Raiden 2 New is the better known title, but as a game it’s been butchered beyond belief. For a start the iconic intro sequence is gone, the game just loops 2 attract demo levels and the high score table. The ‘launch’ sequence at the start of the game is also absent because the game uses level 5 as the first level(!) with level 1 appearing where level 5 would have done, this disrupts the flow of the game. The mid-game launch sequence seems missing too (because it would happen after level 5, which is now level 1, and I believe the ending ‘mission complete’ sequence is also stripped, looping straight back to level 1. (Still need to verify that last one)
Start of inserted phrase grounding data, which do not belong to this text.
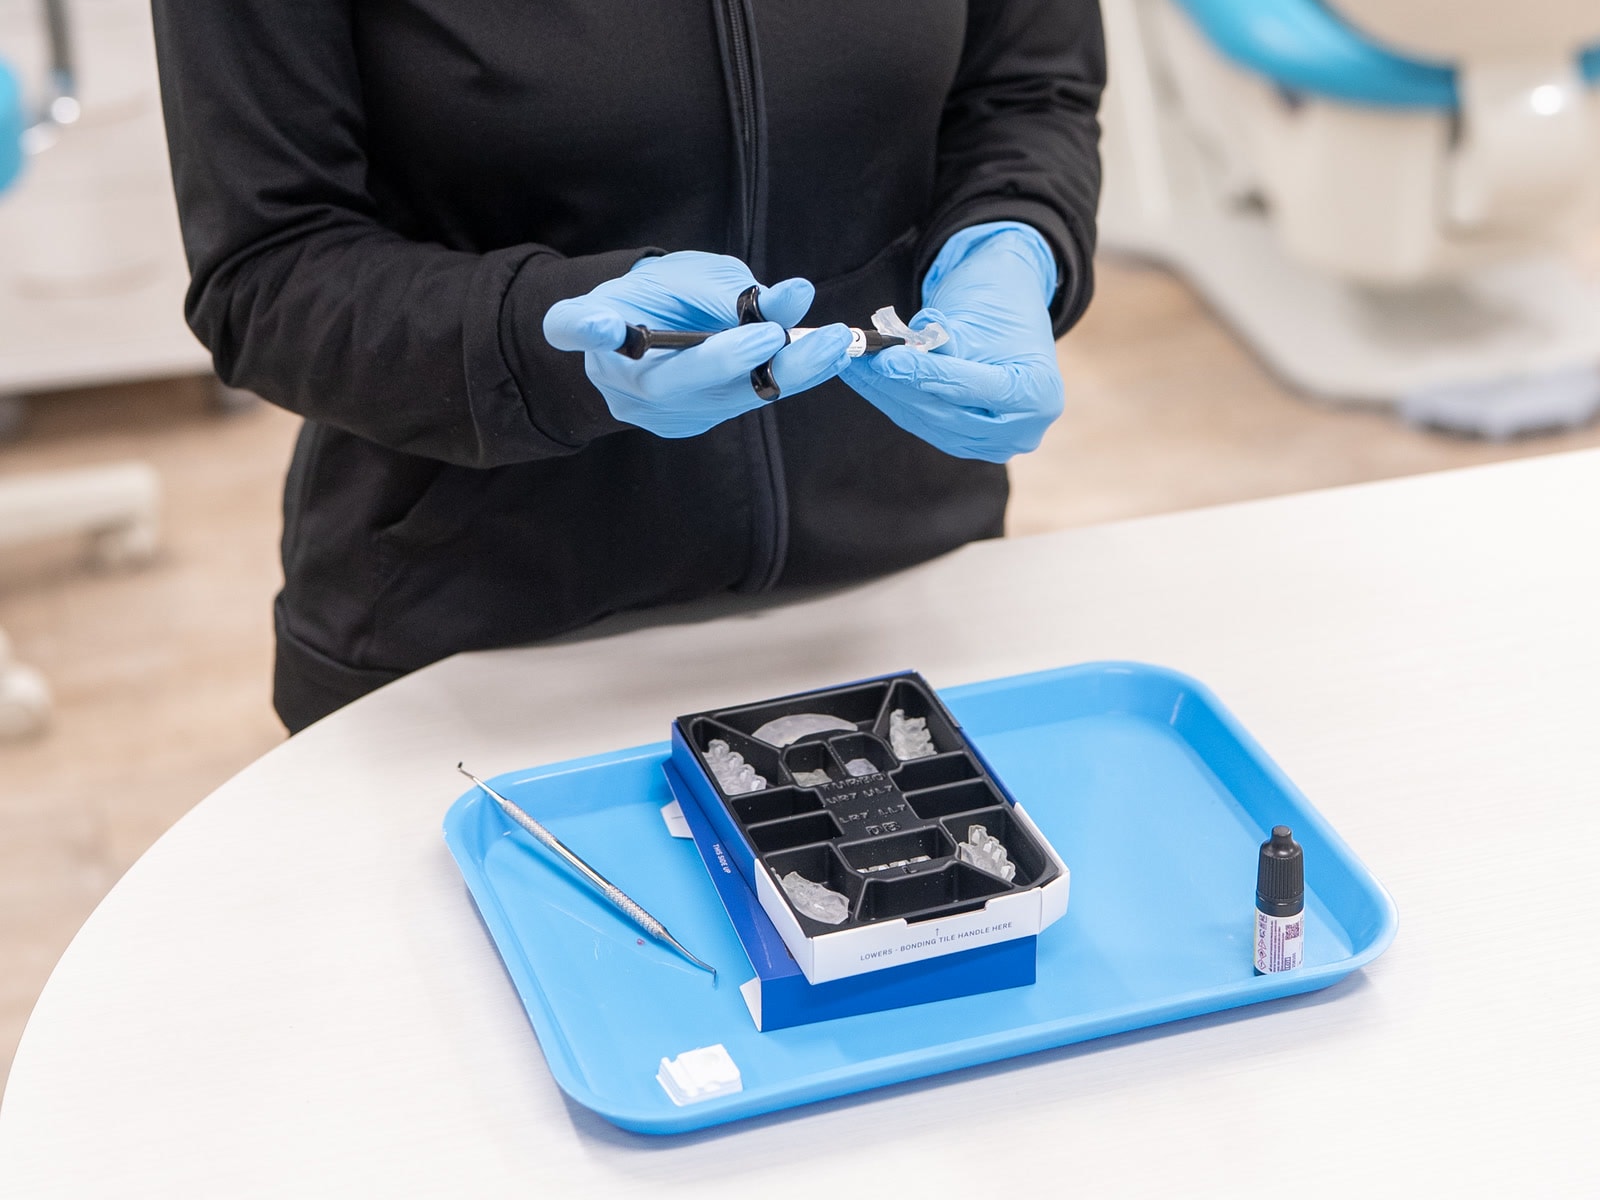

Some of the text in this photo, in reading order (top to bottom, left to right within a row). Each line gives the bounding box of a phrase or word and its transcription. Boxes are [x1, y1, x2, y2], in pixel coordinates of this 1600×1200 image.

[712, 843, 723, 856] THIS
[717, 855, 728, 867] SIDE
[860, 948, 893, 961] LOWERS
[900, 938, 937, 952] BONDING
[939, 934, 956, 944] TILE
[957, 927, 990, 939] HANDLE
[992, 921, 1013, 932] HERE
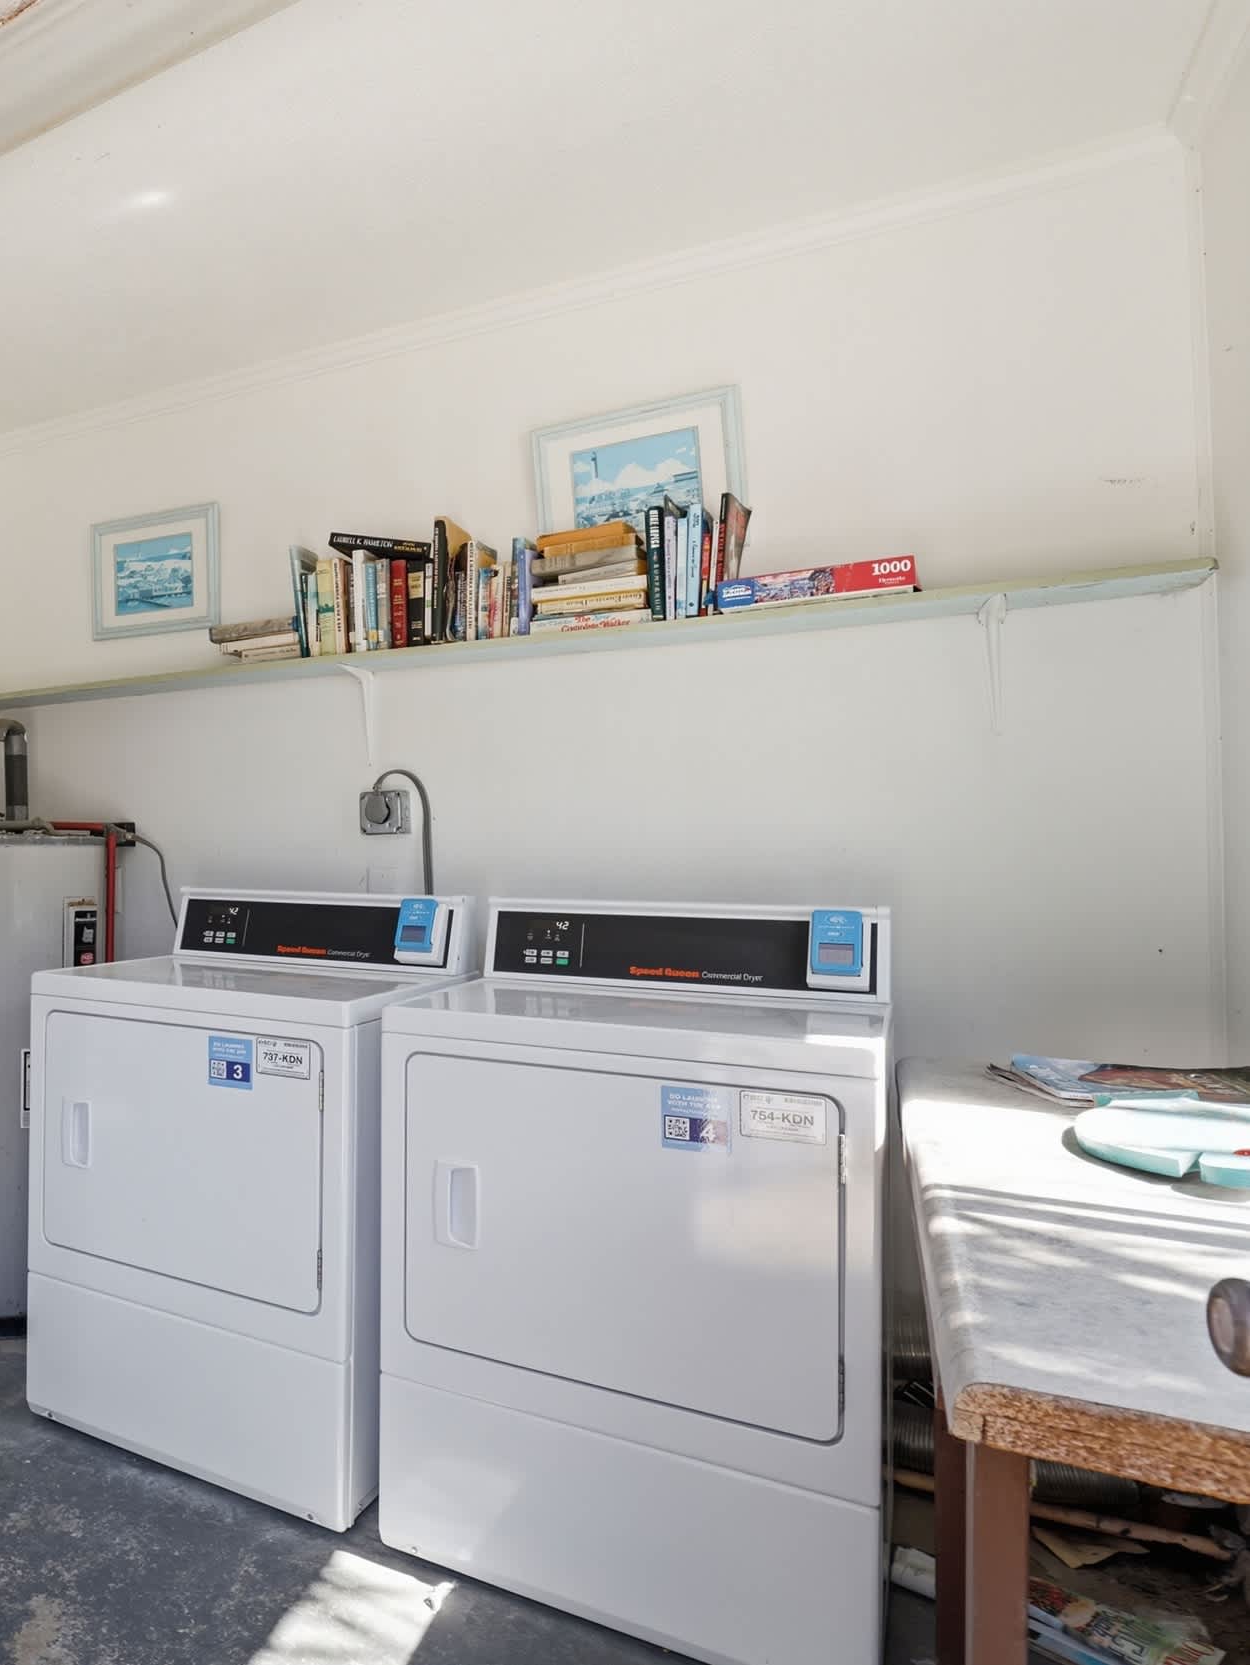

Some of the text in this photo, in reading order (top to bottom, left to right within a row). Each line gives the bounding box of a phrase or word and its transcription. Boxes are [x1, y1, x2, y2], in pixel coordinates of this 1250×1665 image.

[871, 559, 912, 576] 1000
[556, 920, 570, 931] 42
[630, 965, 764, 984] Speed Queen Commercial Dryer
[262, 1051, 303, 1065] 737-KDN
[233, 1064, 243, 1079] 3
[750, 1109, 814, 1127] 754-KDN
[700, 1123, 715, 1141] 4
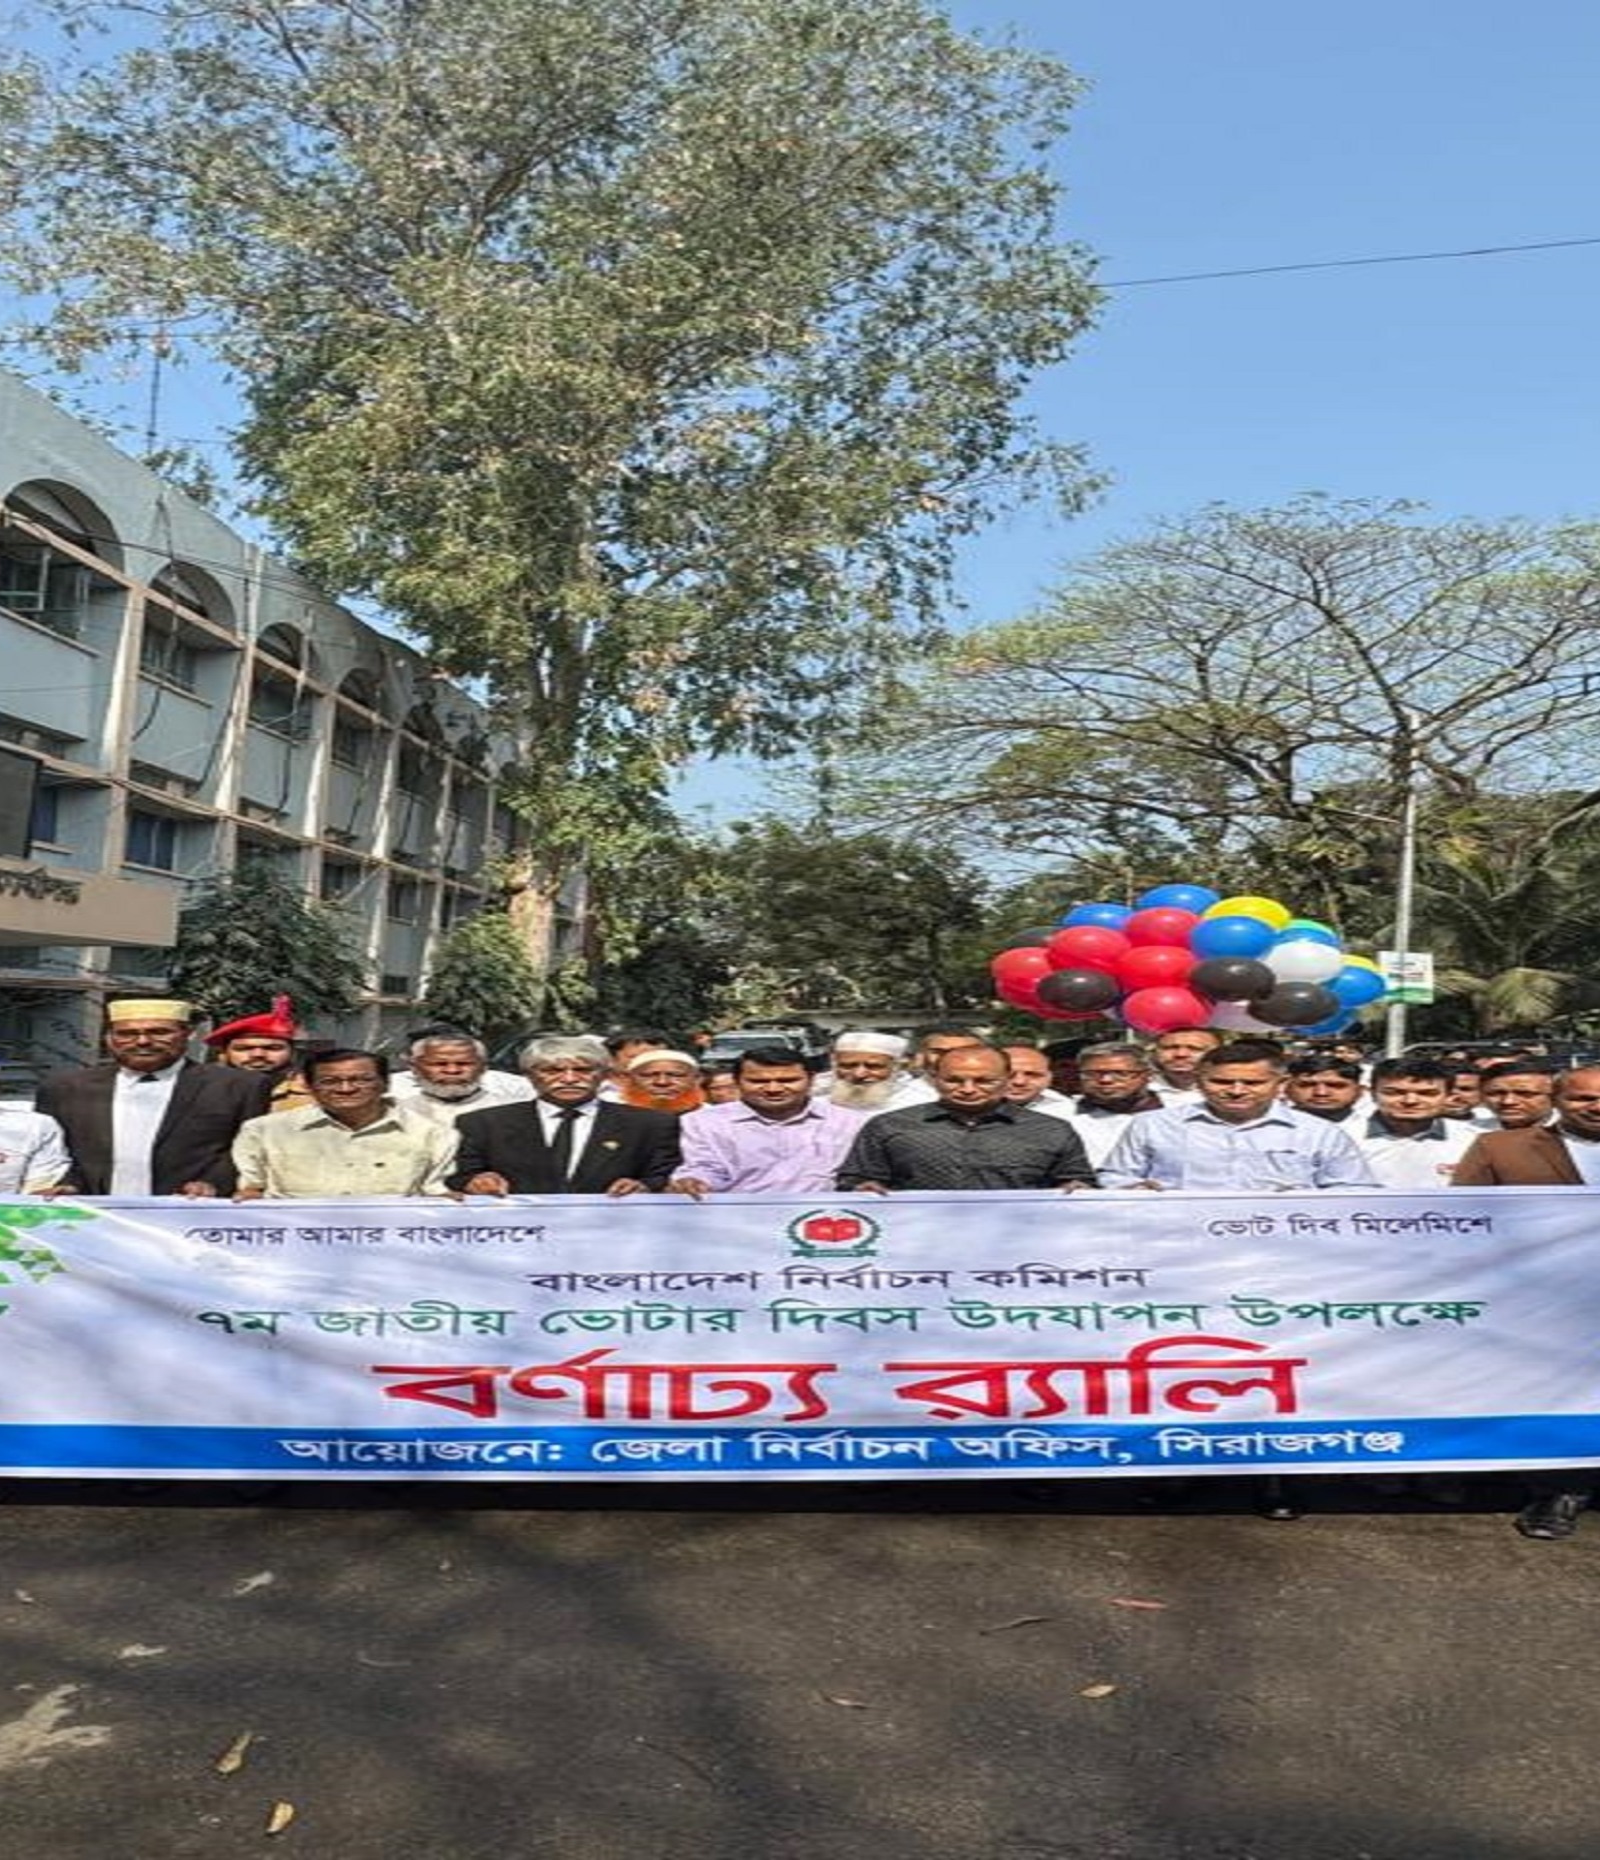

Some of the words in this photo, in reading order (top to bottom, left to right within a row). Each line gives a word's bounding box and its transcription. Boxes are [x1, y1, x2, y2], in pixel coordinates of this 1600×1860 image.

As mentioned, the sound it also awful, you do have built in autofire on button 3 like Raiden DX has by default, but it isn’t much consolation.
Quite why Seibu saw it fit to butcher Raiden II in this way, but leave a relatively complete Raiden DX on the very same board I don’t know, it wasn’t a space constraint, the Raiden II part of the ROM actually has just as much space available as a regular Raiden II, so I can only guess it was some attempt to ‘streamline’ the game (never a good term in gaming circles!)
What makes this even stranger is there is no obvious way to swap between the games, despite the board having all the data for both. There does seem to be code in there designed to do such, but it looks like it’s been disabled on purpose by depending on an ‘impossible’ condition to change. Reprogramming the settings EEPROM works, but isn’t really practical.
The other interesting thing from a hardware point of view is that while these use the reduced protection of the 333 COP they still feature the ‘Sprite Protection’ Olivier figured out for the regular Raiden II game, this indicates to me that said protection is probably part of the video hardware, and not the COP.